Information provided —
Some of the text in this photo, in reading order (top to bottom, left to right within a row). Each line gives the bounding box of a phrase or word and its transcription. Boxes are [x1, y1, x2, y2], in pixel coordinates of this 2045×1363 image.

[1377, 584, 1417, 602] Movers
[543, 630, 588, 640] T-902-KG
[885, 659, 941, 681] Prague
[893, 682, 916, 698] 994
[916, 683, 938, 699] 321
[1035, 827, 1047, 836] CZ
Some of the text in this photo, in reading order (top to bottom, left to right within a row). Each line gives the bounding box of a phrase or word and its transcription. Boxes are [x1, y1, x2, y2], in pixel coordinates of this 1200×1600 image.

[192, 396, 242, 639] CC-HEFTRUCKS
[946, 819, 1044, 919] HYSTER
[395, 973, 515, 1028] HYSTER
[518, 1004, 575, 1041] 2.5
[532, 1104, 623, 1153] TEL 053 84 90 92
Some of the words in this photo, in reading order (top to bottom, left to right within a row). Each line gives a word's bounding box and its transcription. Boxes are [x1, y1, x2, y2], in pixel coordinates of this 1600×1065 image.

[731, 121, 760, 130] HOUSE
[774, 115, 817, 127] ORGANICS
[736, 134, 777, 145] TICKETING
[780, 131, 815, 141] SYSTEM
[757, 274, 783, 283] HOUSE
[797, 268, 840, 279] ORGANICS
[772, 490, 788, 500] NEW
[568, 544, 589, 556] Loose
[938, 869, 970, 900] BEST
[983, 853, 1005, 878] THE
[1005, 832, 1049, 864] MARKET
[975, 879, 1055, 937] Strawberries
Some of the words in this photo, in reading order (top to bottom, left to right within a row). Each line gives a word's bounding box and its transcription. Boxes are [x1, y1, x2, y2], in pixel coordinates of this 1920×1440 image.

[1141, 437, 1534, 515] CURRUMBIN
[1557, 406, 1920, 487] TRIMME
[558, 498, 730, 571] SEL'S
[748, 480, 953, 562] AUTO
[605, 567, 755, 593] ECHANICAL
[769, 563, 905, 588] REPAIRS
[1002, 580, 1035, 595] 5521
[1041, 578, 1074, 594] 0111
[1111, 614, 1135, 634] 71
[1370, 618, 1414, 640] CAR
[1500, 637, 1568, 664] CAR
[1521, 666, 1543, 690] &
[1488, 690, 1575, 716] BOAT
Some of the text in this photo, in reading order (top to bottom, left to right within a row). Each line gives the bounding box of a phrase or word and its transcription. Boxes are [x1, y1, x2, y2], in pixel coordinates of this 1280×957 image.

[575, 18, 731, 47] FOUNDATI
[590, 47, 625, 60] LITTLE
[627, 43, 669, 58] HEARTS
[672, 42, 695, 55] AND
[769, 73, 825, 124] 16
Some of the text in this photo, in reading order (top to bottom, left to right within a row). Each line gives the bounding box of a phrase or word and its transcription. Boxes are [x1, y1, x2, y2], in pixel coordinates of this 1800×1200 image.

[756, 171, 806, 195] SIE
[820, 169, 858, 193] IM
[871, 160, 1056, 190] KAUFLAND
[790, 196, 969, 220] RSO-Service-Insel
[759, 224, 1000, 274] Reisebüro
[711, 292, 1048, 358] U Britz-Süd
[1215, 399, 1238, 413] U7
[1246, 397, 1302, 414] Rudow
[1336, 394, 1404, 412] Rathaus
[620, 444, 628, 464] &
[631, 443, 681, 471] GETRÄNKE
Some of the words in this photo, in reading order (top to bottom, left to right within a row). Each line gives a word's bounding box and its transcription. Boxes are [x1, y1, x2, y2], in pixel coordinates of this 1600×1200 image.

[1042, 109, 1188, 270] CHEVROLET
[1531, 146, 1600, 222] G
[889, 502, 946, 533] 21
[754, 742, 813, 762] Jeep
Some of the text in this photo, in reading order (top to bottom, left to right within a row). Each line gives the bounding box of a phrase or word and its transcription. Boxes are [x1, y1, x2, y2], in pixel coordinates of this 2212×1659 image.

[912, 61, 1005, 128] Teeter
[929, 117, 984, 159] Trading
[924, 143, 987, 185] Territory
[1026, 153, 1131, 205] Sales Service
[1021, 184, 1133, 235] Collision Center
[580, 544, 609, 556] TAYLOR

What is being asked — The full listing is to be printed again exactly as it stands.

Task output —
Some of the text in this photo, in reading order (top to bottom, left to right within a row). Each line gives the bounding box of a phrase or word and its transcription. Boxes are [x1, y1, x2, y2], in pixel coordinates of this 2045×1363 image.

[1377, 584, 1417, 602] Movers
[543, 630, 588, 640] T-902-KG
[885, 659, 941, 681] Prague
[893, 682, 916, 698] 994
[916, 683, 938, 699] 321
[1035, 827, 1047, 836] CZ
Some of the text in this photo, in reading order (top to bottom, left to right within a row). Each line gives the bounding box of a phrase or word and its transcription. Boxes are [x1, y1, x2, y2], in pixel coordinates of this 1200×1600 image.

[192, 396, 242, 639] CC-HEFTRUCKS
[946, 819, 1044, 919] HYSTER
[395, 973, 515, 1028] HYSTER
[518, 1004, 575, 1041] 2.5
[532, 1104, 623, 1153] TEL 053 84 90 92
Some of the words in this photo, in reading order (top to bottom, left to right within a row). Each line gives a word's bounding box and its transcription. Boxes are [x1, y1, x2, y2], in pixel coordinates of this 1600×1065 image.

[731, 121, 760, 130] HOUSE
[774, 115, 817, 127] ORGANICS
[736, 134, 777, 145] TICKETING
[780, 131, 815, 141] SYSTEM
[757, 274, 783, 283] HOUSE
[797, 268, 840, 279] ORGANICS
[772, 490, 788, 500] NEW
[568, 544, 589, 556] Loose
[938, 869, 970, 900] BEST
[983, 853, 1005, 878] THE
[1005, 832, 1049, 864] MARKET
[975, 879, 1055, 937] Strawberries
Some of the words in this photo, in reading order (top to bottom, left to right within a row). Each line gives a word's bounding box and its transcription. Boxes are [x1, y1, x2, y2], in pixel coordinates of this 1920×1440 image.

[1141, 437, 1534, 515] CURRUMBIN
[1557, 406, 1920, 487] TRIMME
[558, 498, 730, 571] SEL'S
[748, 480, 953, 562] AUTO
[605, 567, 755, 593] ECHANICAL
[769, 563, 905, 588] REPAIRS
[1002, 580, 1035, 595] 5521
[1041, 578, 1074, 594] 0111
[1111, 614, 1135, 634] 71
[1370, 618, 1414, 640] CAR
[1500, 637, 1568, 664] CAR
[1521, 666, 1543, 690] &
[1488, 690, 1575, 716] BOAT
Some of the text in this photo, in reading order (top to bottom, left to right within a row). Each line gives the bounding box of a phrase or word and its transcription. Boxes are [x1, y1, x2, y2], in pixel coordinates of this 1280×957 image.

[575, 18, 731, 47] FOUNDATI
[590, 47, 625, 60] LITTLE
[627, 43, 669, 58] HEARTS
[672, 42, 695, 55] AND
[769, 73, 825, 124] 16
Some of the text in this photo, in reading order (top to bottom, left to right within a row). Each line gives the bounding box of a phrase or word and its transcription. Boxes are [x1, y1, x2, y2], in pixel coordinates of this 1800×1200 image.

[756, 171, 806, 195] SIE
[820, 169, 858, 193] IM
[871, 160, 1056, 190] KAUFLAND
[790, 196, 969, 220] RSO-Service-Insel
[759, 224, 1000, 274] Reisebüro
[711, 292, 1048, 358] U Britz-Süd
[1215, 399, 1238, 413] U7
[1246, 397, 1302, 414] Rudow
[1336, 394, 1404, 412] Rathaus
[620, 444, 628, 464] &
[631, 443, 681, 471] GETRÄNKE
Some of the words in this photo, in reading order (top to bottom, left to right within a row). Each line gives a word's bounding box and its transcription. Boxes are [x1, y1, x2, y2], in pixel coordinates of this 1600×1200 image.

[1042, 109, 1188, 270] CHEVROLET
[1531, 146, 1600, 222] G
[889, 502, 946, 533] 21
[754, 742, 813, 762] Jeep
Some of the text in this photo, in reading order (top to bottom, left to right within a row). Each line gives the bounding box of a phrase or word and its transcription. Boxes are [x1, y1, x2, y2], in pixel coordinates of this 2212×1659 image.

[912, 61, 1005, 128] Teeter
[929, 117, 984, 159] Trading
[924, 143, 987, 185] Territory
[1026, 153, 1131, 205] Sales Service
[1021, 184, 1133, 235] Collision Center
[580, 544, 609, 556] TAYLOR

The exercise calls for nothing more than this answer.